> _BRIEF_
The answer must consist solely of the lines from the line with "this 1600×1067 image." to the end of the data below, transcribed exactly and with no pictures.

> _SOURCE DATA_
━━━━━━━━━━━━━━━━━━━━━━━━━━━━━━
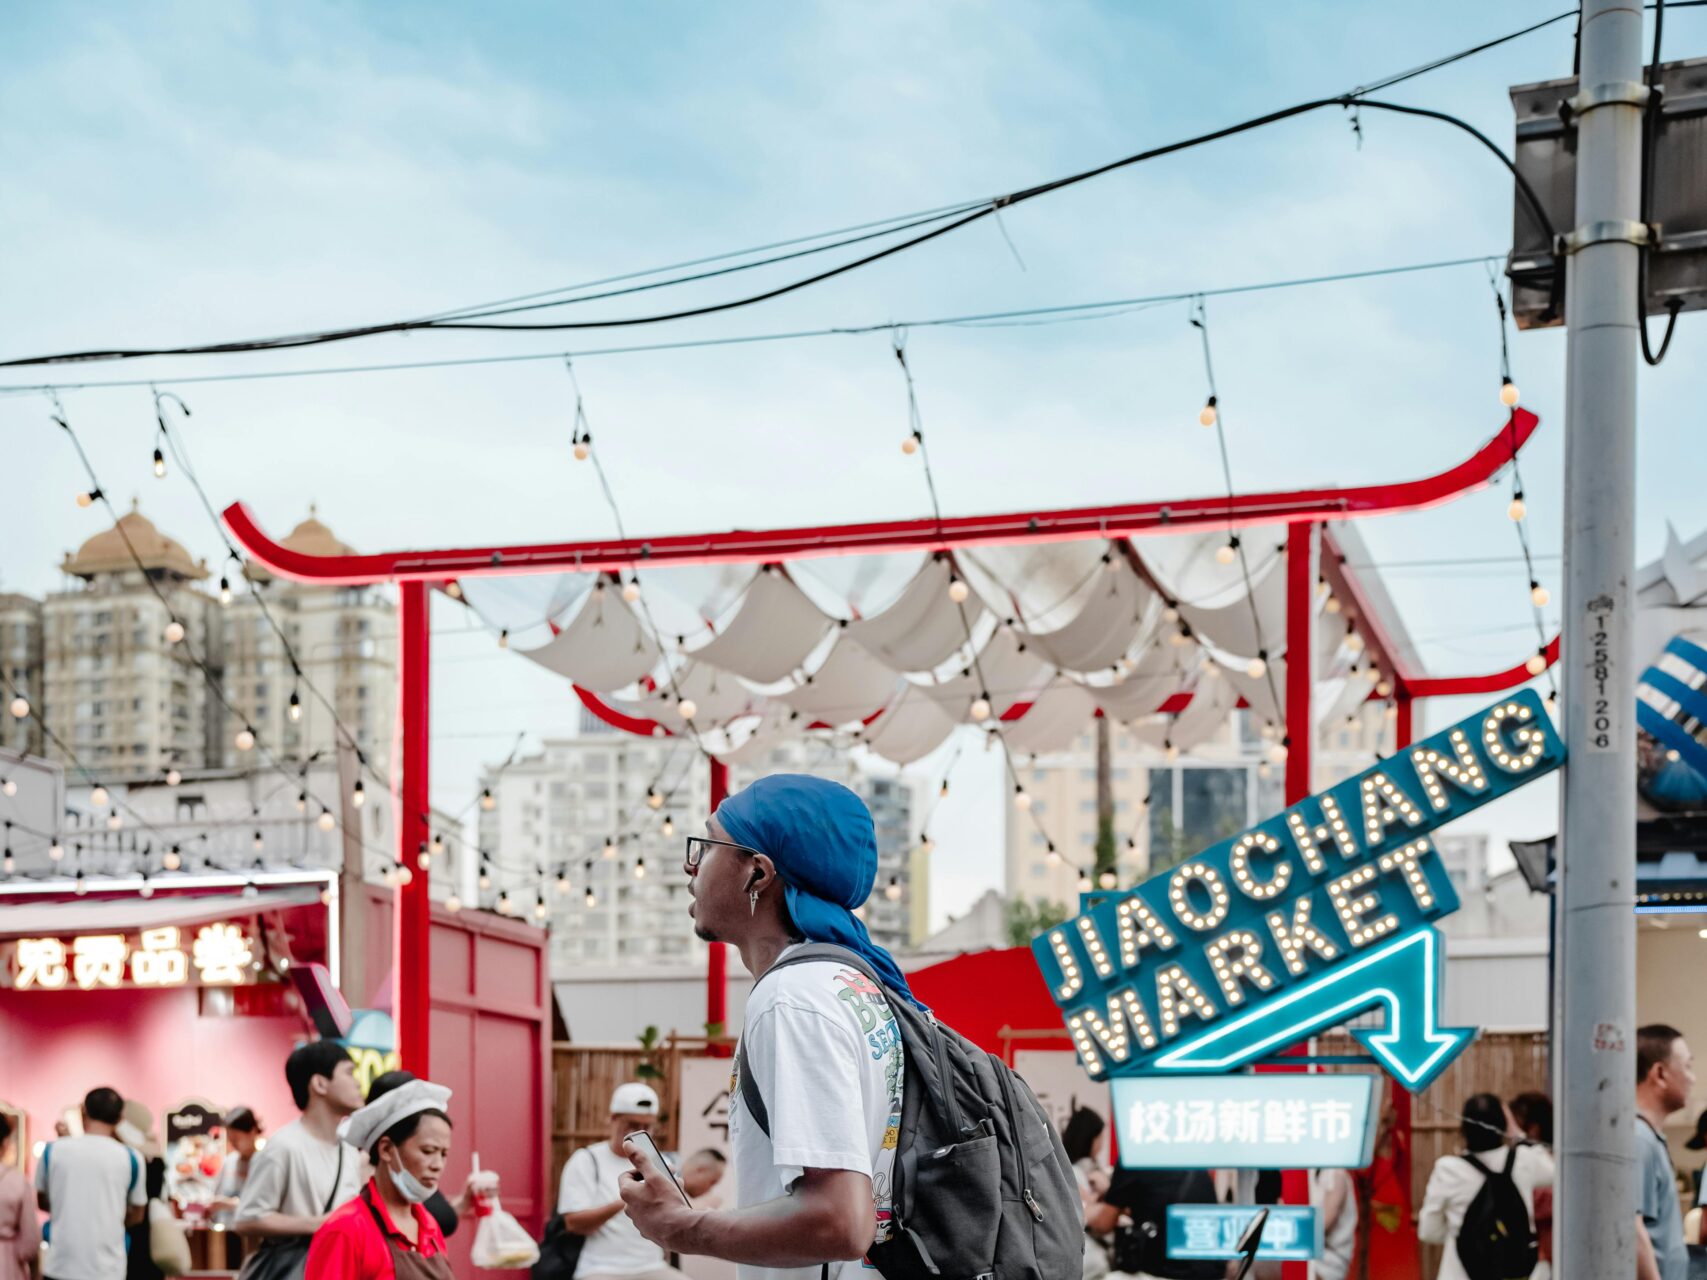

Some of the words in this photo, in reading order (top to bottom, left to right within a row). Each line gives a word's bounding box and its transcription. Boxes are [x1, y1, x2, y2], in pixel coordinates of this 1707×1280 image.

[1047, 701, 1545, 1001] JIAOCHANG
[1066, 835, 1431, 1075] MARKET
[1128, 1098, 1353, 1144] 校场新鲜市
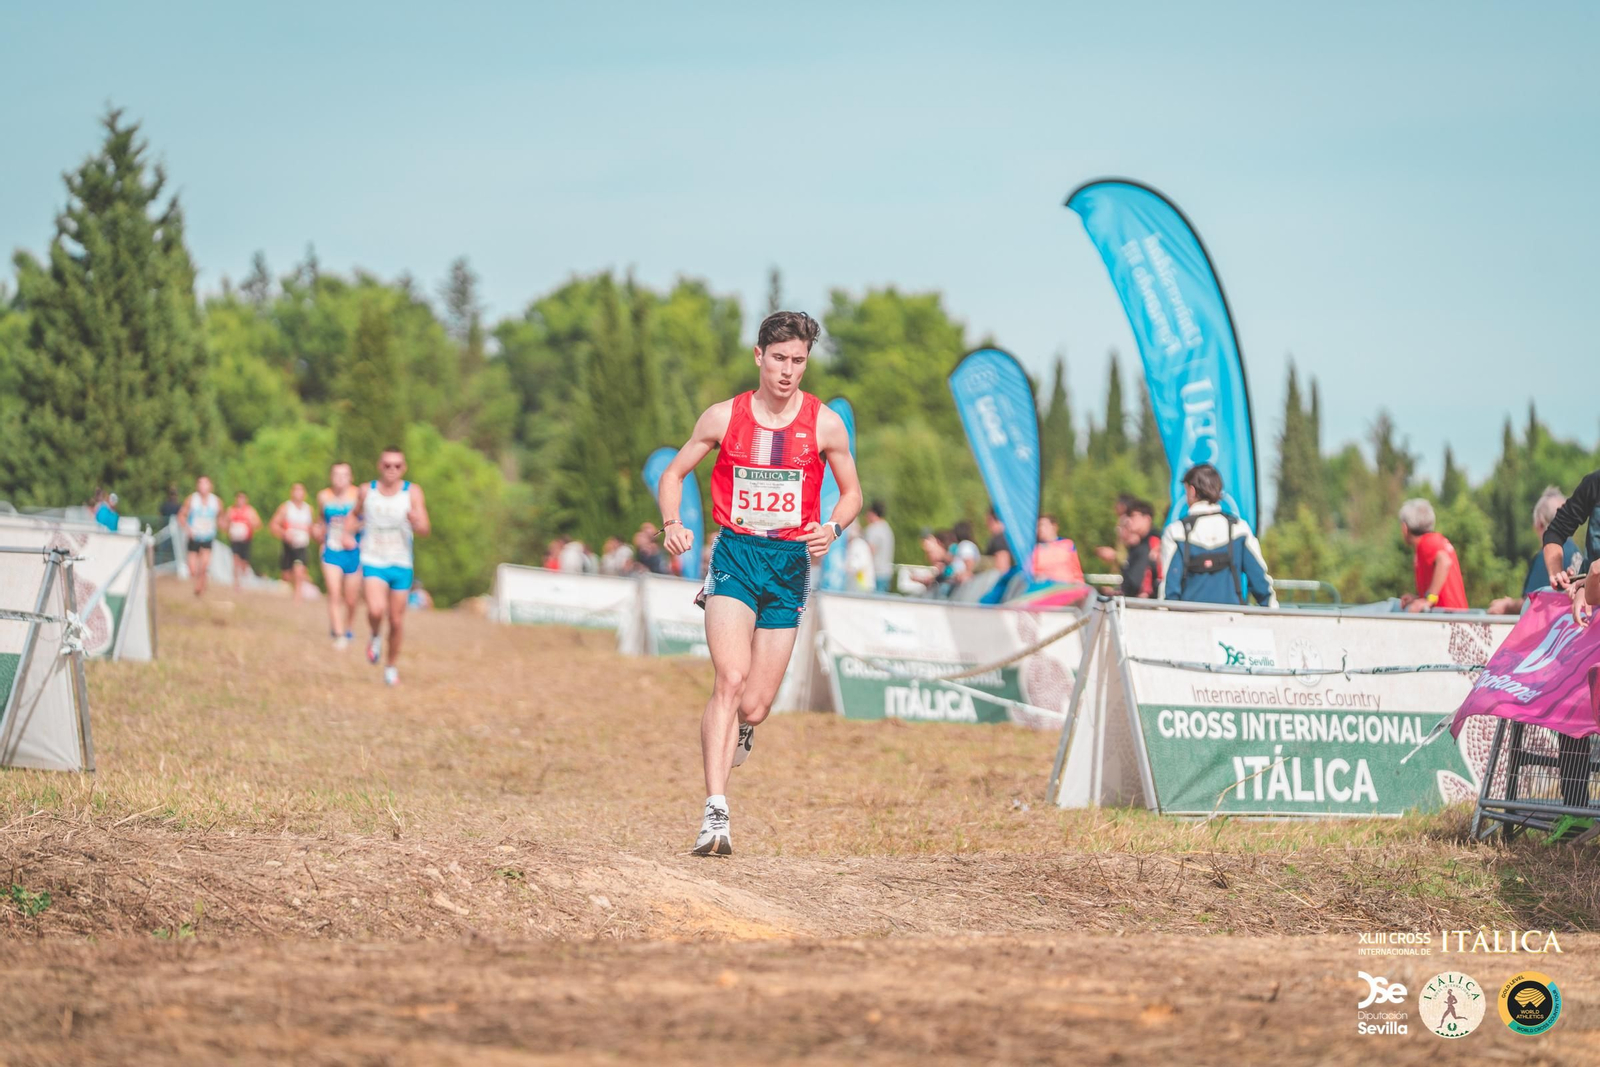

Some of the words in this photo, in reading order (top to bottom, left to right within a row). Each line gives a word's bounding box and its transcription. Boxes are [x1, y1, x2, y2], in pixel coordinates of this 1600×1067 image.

[751, 470, 784, 481] ITÁLICA
[738, 489, 796, 513] 5128
[1248, 656, 1276, 668] Sevilla
[884, 679, 979, 723] ITÁLICA
[1191, 683, 1282, 705] International
[1284, 687, 1322, 707] Cross
[1325, 688, 1381, 712] Country
[1157, 709, 1238, 741] CROSS
[1241, 711, 1427, 746] INTERNACIONAL
[1232, 744, 1379, 804] ITÁLICA
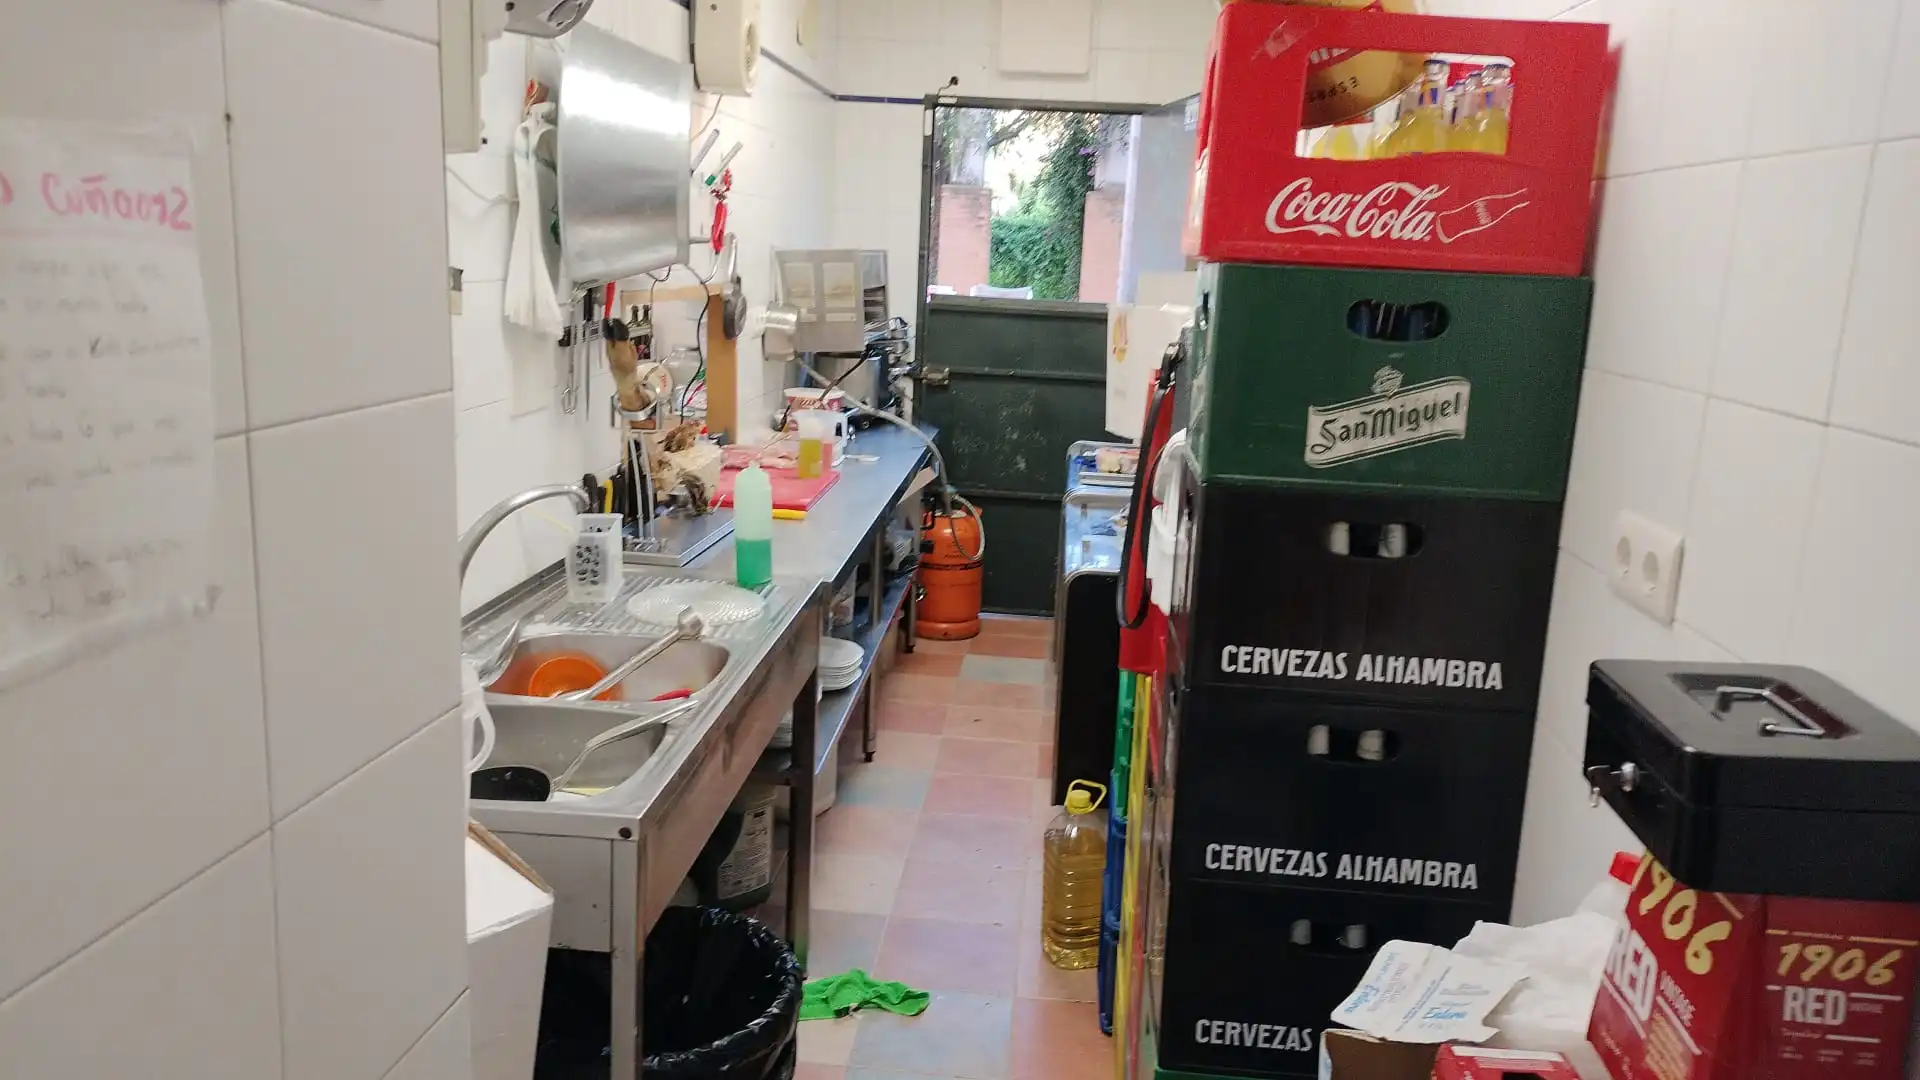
━━━━━━━━━━━━━━━━━━━━━━━━━━━━━━
> _YOUR SOLUTION_
Some of the words in this photo, in reading order (top to bottom, left to right within a row). Each line gives a word's bounding box and its transcription. Boxes are [x1, y1, x2, y2], in pixel coordinates of this 1600×1067 image.

[751, 470, 784, 481] ITÁLICA
[738, 489, 796, 513] 5128
[1248, 656, 1276, 668] Sevilla
[884, 679, 979, 723] ITÁLICA
[1191, 683, 1282, 705] International
[1284, 687, 1322, 707] Cross
[1325, 688, 1381, 712] Country
[1157, 709, 1238, 741] CROSS
[1241, 711, 1427, 746] INTERNACIONAL
[1232, 744, 1379, 804] ITÁLICA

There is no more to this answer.